Sauvons la recherche !


Depuis cette rive de l'Atlantique, je continue de suivre régulièrement l'évolution de la recherche française. Un article récent des Echos a attiré mon attention pour plusieurs raisons. Pas de surprises, l'article est évidemment très critique vis-à-vis du système de recherche français. Cela dit, il m'a inspiré plusieurs recherches et commentaires.

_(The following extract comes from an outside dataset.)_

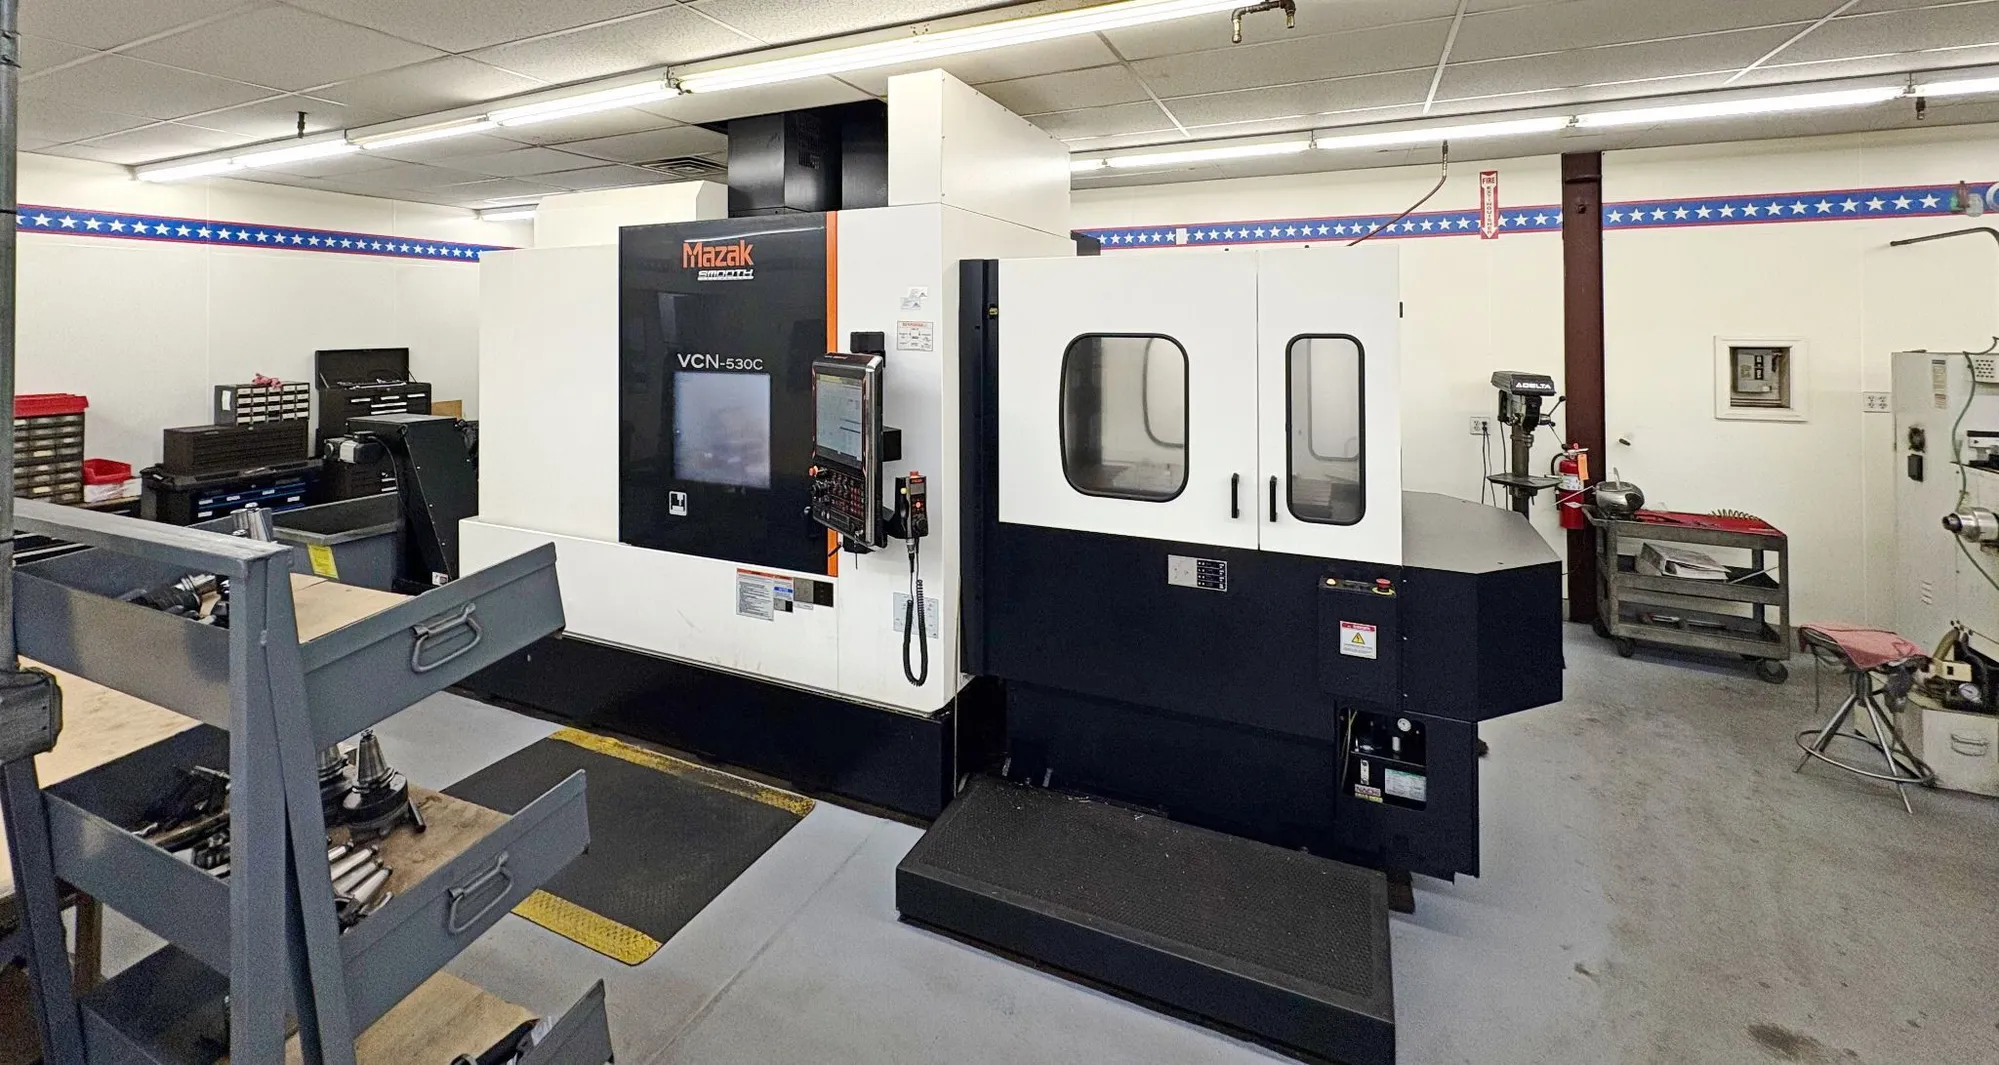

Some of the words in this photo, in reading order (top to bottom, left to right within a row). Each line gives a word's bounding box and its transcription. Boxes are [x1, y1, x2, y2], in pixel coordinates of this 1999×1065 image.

[683, 240, 754, 268] Mazak
[698, 269, 754, 279] SMOOTH
[677, 353, 764, 370] VCN-530C
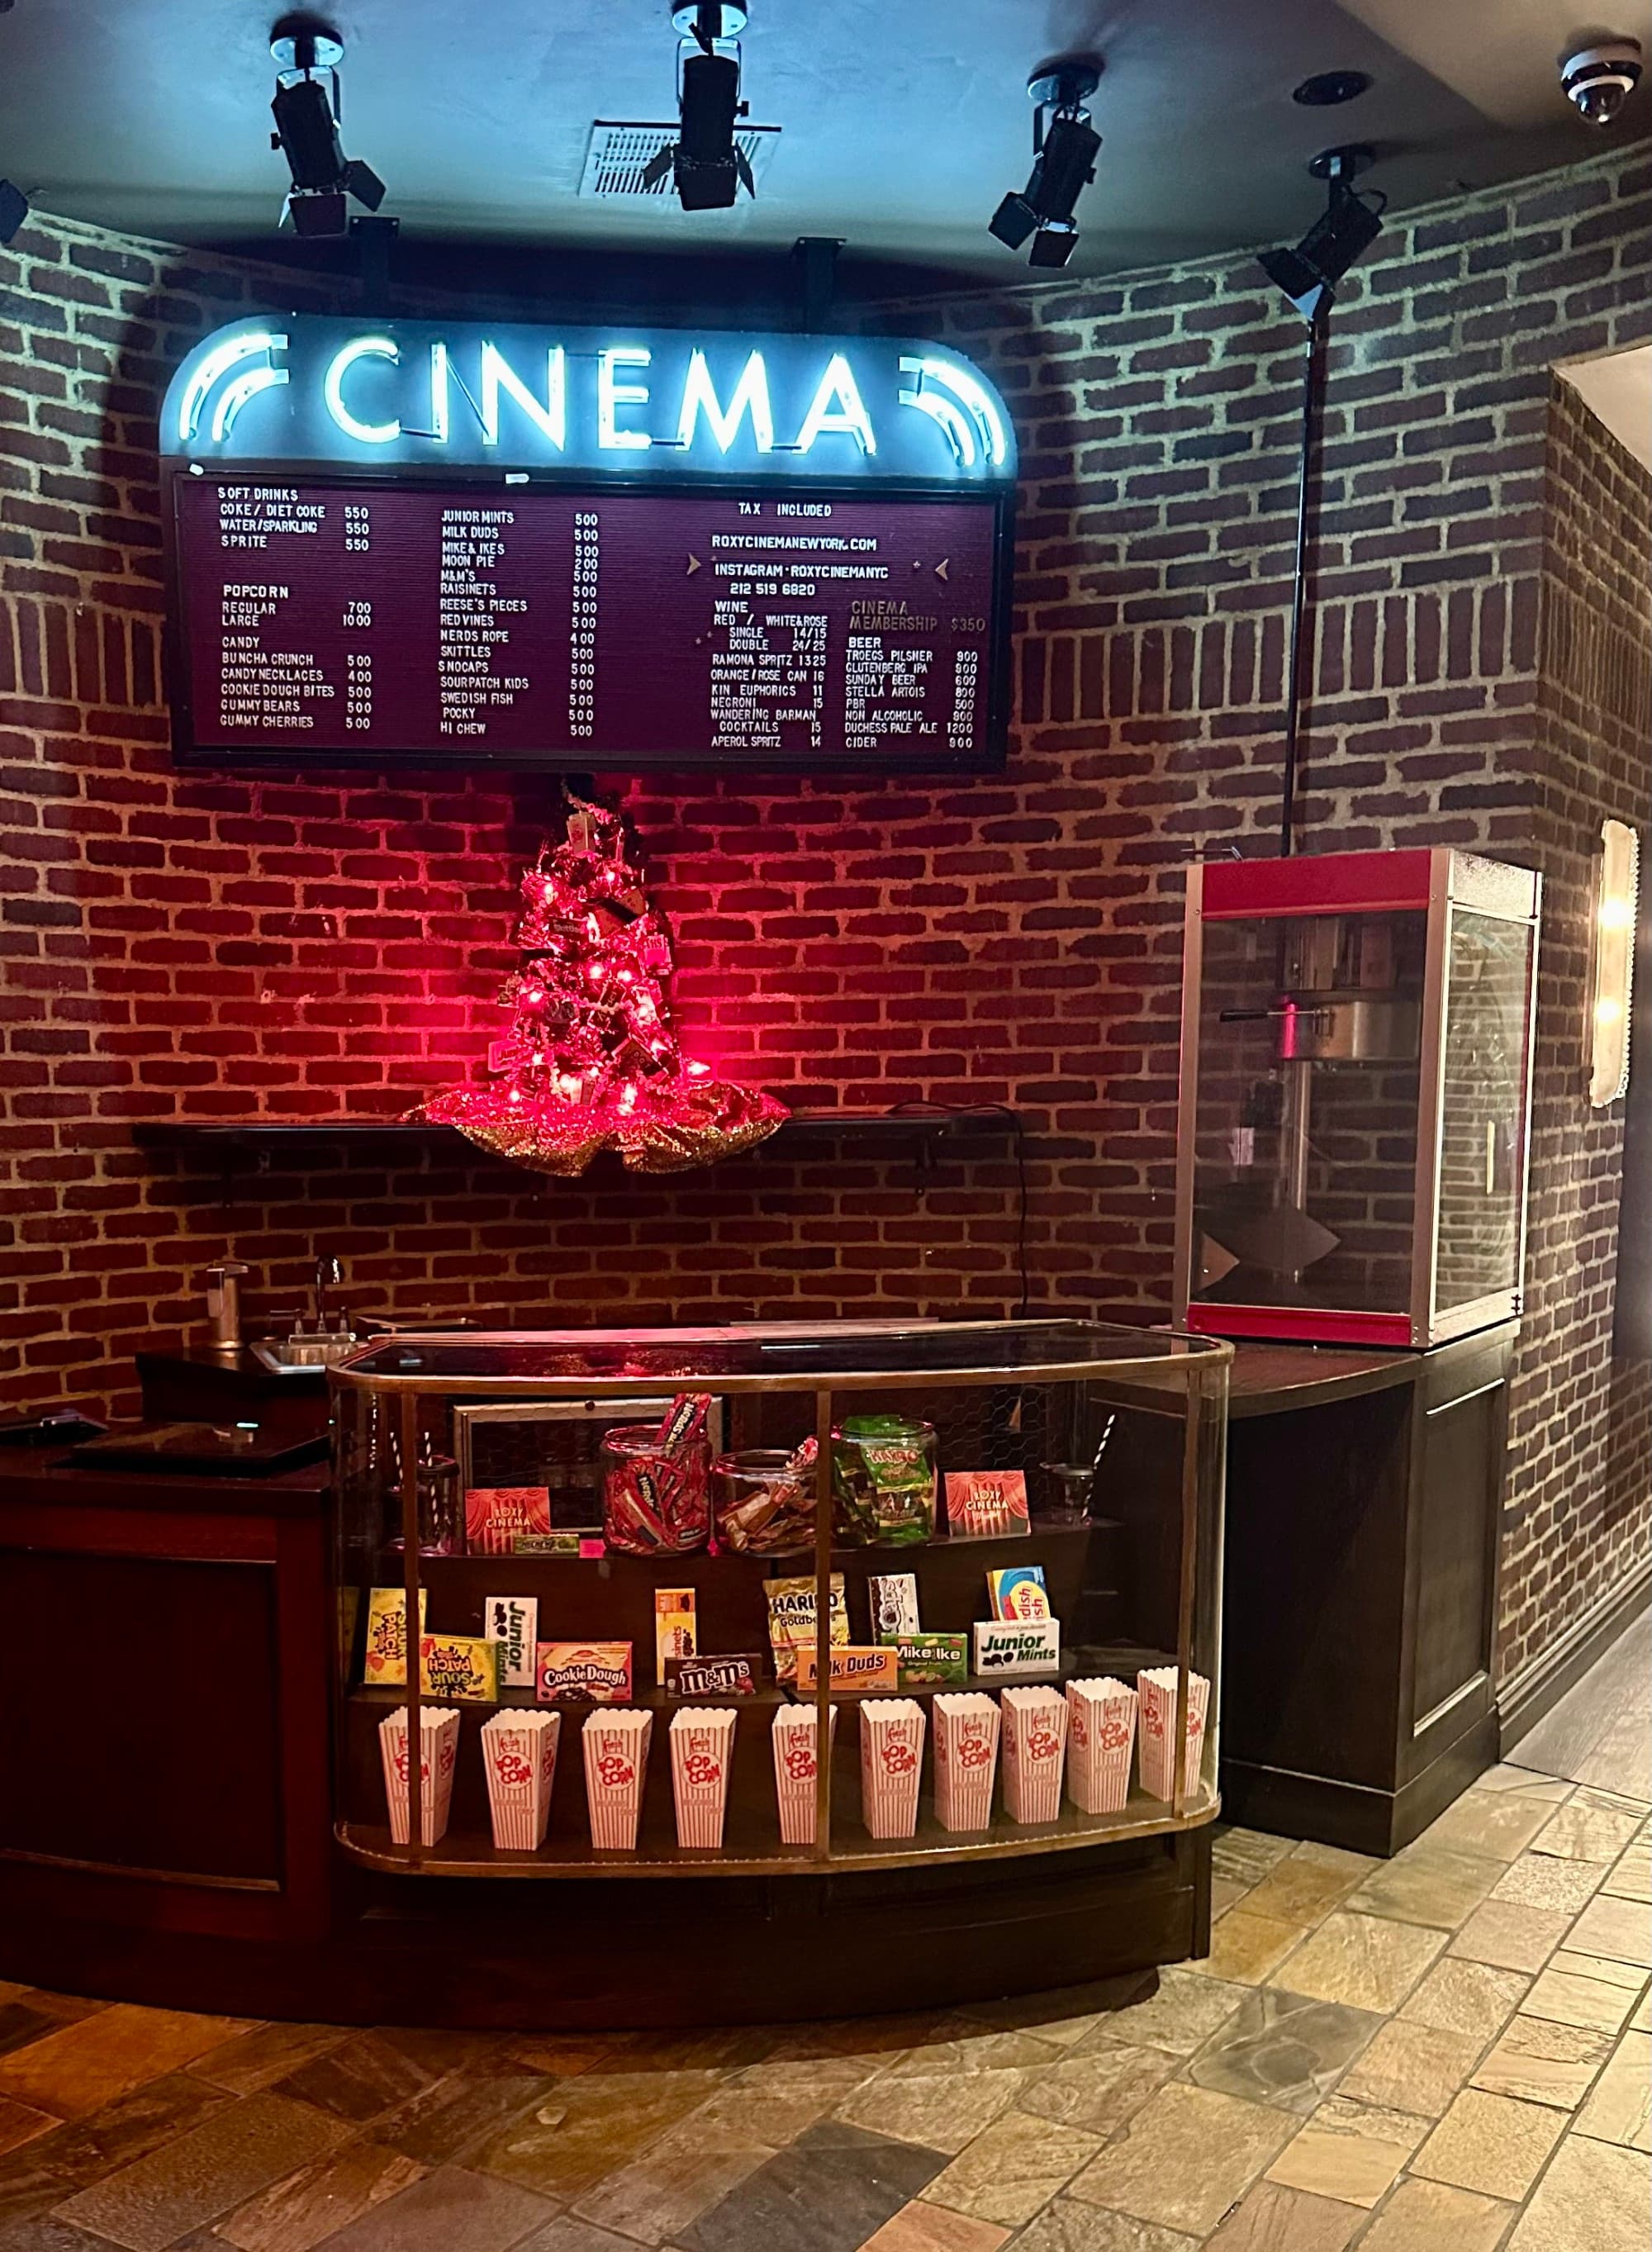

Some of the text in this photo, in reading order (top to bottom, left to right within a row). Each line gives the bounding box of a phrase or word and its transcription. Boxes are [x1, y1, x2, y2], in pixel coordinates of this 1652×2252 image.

Tout d'abord, l'article parle de perte de vitesse de la recherche française durant la décennie 1994-2004. Je suis donc allé sur le site de l'ISI et ai regardé la page concernant la France, et on s'aperçoit que les choses ne sont pas si noires. Tout d'abord, la France est la 5ième puissance scientifique mondiale (en termes de citations), derrière les USA, l'Angleterre (et pas le Royaume-Uni, étrange), l'Allemagne et le Japon. Pas de quoi être démesurément fier, mais pas de quoi non plus s'auto-flageller. Ensuite, malheureusement, je n'ai pas trouvé de comparaisons explicites entre les pays, donc je me base sur une analyse à vue des graphiques pour comparer l'évolution au cours des dix dernières années. Le constat semble être que la France perd légèrement du terrain : effectivement il semble que le nombre de publications augmente légèrement moins vite que par rapport à d'autres pays. D'après les Echos, "Cette baisse de régime a longtemps été masquée par les récriminations des chercheurs victimes des rigueurs de Bercy et les revendications syndicales réclamant des postes de chercheurs statutaires supplémentaires. Mais en fait, le décrochage remonte au début des années 1990. Il s'agit donc d'une érosion lente qui paraît structurelle." S'ensuivent dans cet article des considérations plus ou moins heureuses sur les paresseux de fonctionnaires qui peuplent les labos français. Quand je regarde les courbes ci-dessus, je m'interroge quant au caractère très hâtif de ces conclusions.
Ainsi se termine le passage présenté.